Porém, sua filha Fabiana de 48 anos ainda não, e não há previsão de quando isso irá ocorrer mesmo com o grande impacto que a necessidade de manter o isolamento social tem causado em sua vida.
Fabiana é portadora de uma condição rara, chamada Síndrome de Angelman. Trata-se de uma alteração genética e entre os sintomas estão dificuldades motoras, de aprendizado, episódios de epilepsia e a dificuldade ou ausência da fala.
Fabiana não fala. E seu diagnóstico só foi confirmado quando ela tinha 20 anos, apesar do constante acompanhamento médico. Ela chegou a participar do Projeto Genoma da USP que confirmou o caso dela como portadora da síndrome que atinge uma criança a cada 15 mil nascimentos. Como referência, a Síndrome de Down ocorre uma vez a cada 600 nascimentos.
Mas graças ao empenho de seus pais, Fabiana sempre foi muito ativa, seja em atividades escolares, em uma escola especial localizada no Brooklin para onde a família se deslocava diariamente, ou nas consultas terapêuticas como a de fisioterapia.
Na Rua Blumenau a família vivia em um sobrado, mas com o tempo a mobilidade de Fabiana piorou, com o enrijecimento dos músculos, e ela passou a precisar de uma cadeira de rodas na maior parte do tempo. Isso motivou a mudança para um apartamento na Carlos Weber.
Com a pandemia, as atividades educativas e de saúde que Fabiana frequentava foram suspensas e ela passou a viver em um confinamento quase absoluto. Nem uma simples ida ao mercado é possível, já que Rosemari não consegue fazer com que a filha fique de máscara. A solução é deixar Fabiana no carro, acompanhada, enquanto um dos pais vai às compras, e assim é possível sair pelo menos um pouco do apartamento.
Outro lugar que faz falta é o Sesc Pompeia, onde a família ia frequentemente almoçar. Rosemari levou a filha até o local para mostrar que estava fechado e que por enquanto seus tradicionais almoços não eram possíveis. “Ela não fala, mas entende tudo. Ela gosta de gente, gosta de festa e sente muita falta dessa interação. A atual escola dela até realiza lives na internet, mas ela não quer participar.
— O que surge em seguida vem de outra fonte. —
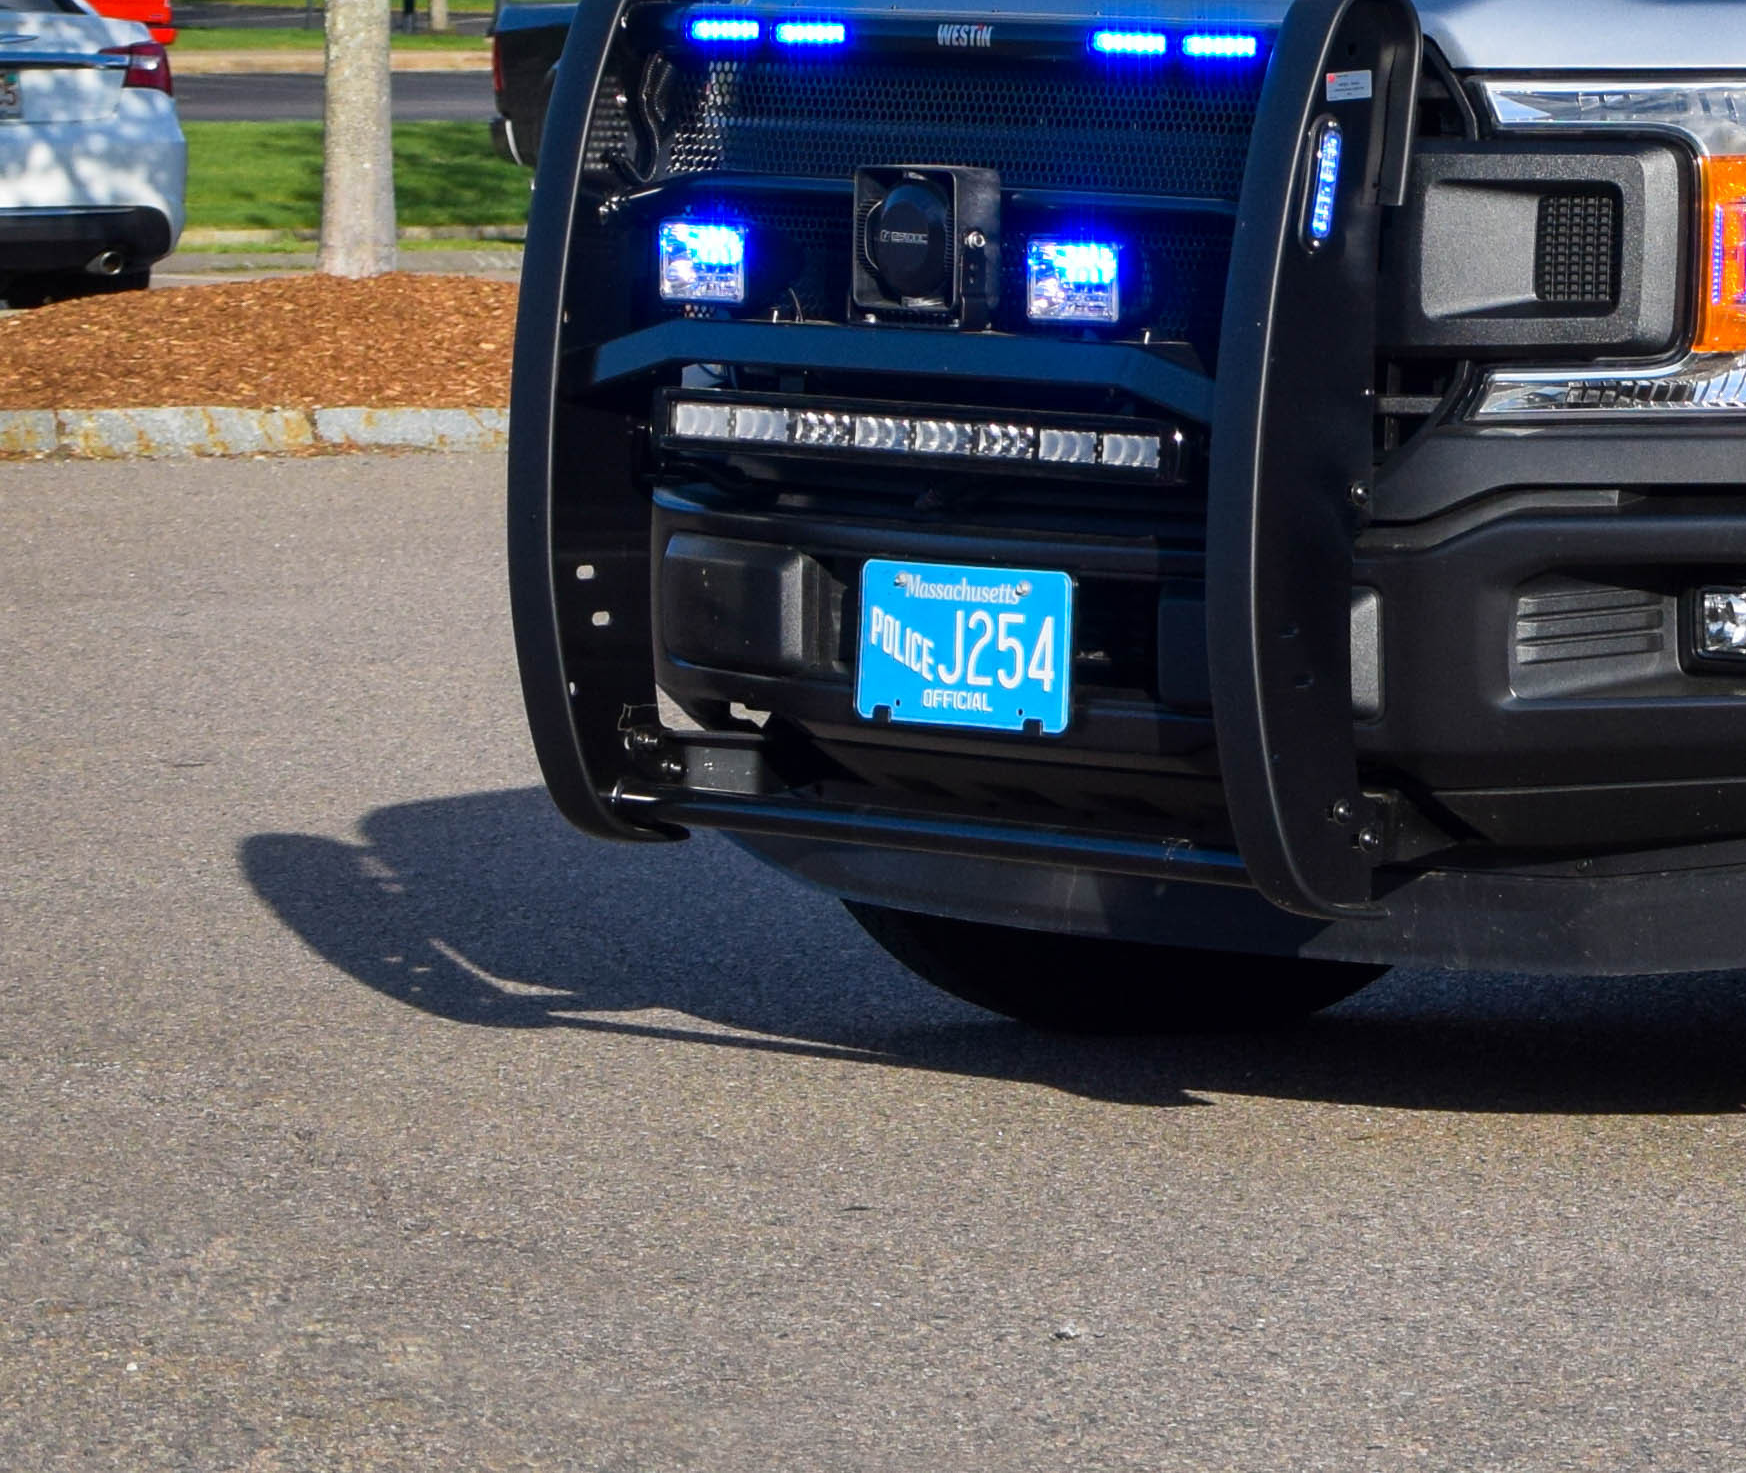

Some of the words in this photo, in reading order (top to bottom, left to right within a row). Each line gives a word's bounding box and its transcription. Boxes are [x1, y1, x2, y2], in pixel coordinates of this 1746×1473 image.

[904, 573, 1020, 605] Massachusetts
[870, 606, 935, 682] POLICE
[936, 610, 1055, 693] J254
[922, 689, 993, 712] OFFICIAL
Ela prefere de forma presencial. Por isso que seria muito importante ela ser vacinada para ao menos a gente conseguir sair um pouco”, conta a mãe.
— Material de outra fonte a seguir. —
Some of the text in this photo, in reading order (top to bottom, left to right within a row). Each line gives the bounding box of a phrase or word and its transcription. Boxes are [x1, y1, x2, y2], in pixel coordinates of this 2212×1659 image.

Rosemari tentou incluir a filha na chamada “xepa da vacina”, mas até o momento ela não foi convocada para se imunizar, embora exista a Lei Brasileira de Inclusão da Pessoa com Deficiência (Lei 13.164/ 2015) que garante atendimento prioritário às pessoas com deficiência em situações de risco, de emergência ou estado de calamidade pública.
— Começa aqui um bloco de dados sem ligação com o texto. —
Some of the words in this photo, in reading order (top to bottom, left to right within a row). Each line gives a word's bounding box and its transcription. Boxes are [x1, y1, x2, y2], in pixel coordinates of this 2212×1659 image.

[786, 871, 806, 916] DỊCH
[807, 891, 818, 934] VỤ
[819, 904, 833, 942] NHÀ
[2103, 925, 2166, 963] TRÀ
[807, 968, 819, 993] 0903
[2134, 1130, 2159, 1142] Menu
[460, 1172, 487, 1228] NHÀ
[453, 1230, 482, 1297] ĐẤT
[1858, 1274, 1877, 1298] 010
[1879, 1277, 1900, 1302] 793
Na terça-feira (20) o Governo do Estado anunciou que irá iniciar a vacinação de pessoas com Síndrome de Down, pacientes com doenças renais crônicas e transplantados a partir do dia 10 de maio, considerando esse público como mais suscetível à Covid-19.
Vivendo uma crise sanitária que pode afetar de forma grave ou fatal até pessoas sem nenhuma comorbidade, e com um estoque de vacinas muito inferior ao necessário, é difícil elencar prioridades de quem deve receber as doses. Mas Rosemari destaca que pessoas com diversas síndromes raras existem, caso de sua filha, e deveriam ser consideradas nos calendários para que, mesmo com as dificuldades a que todos estamos submetidos, tenham alguma qualidade de vida.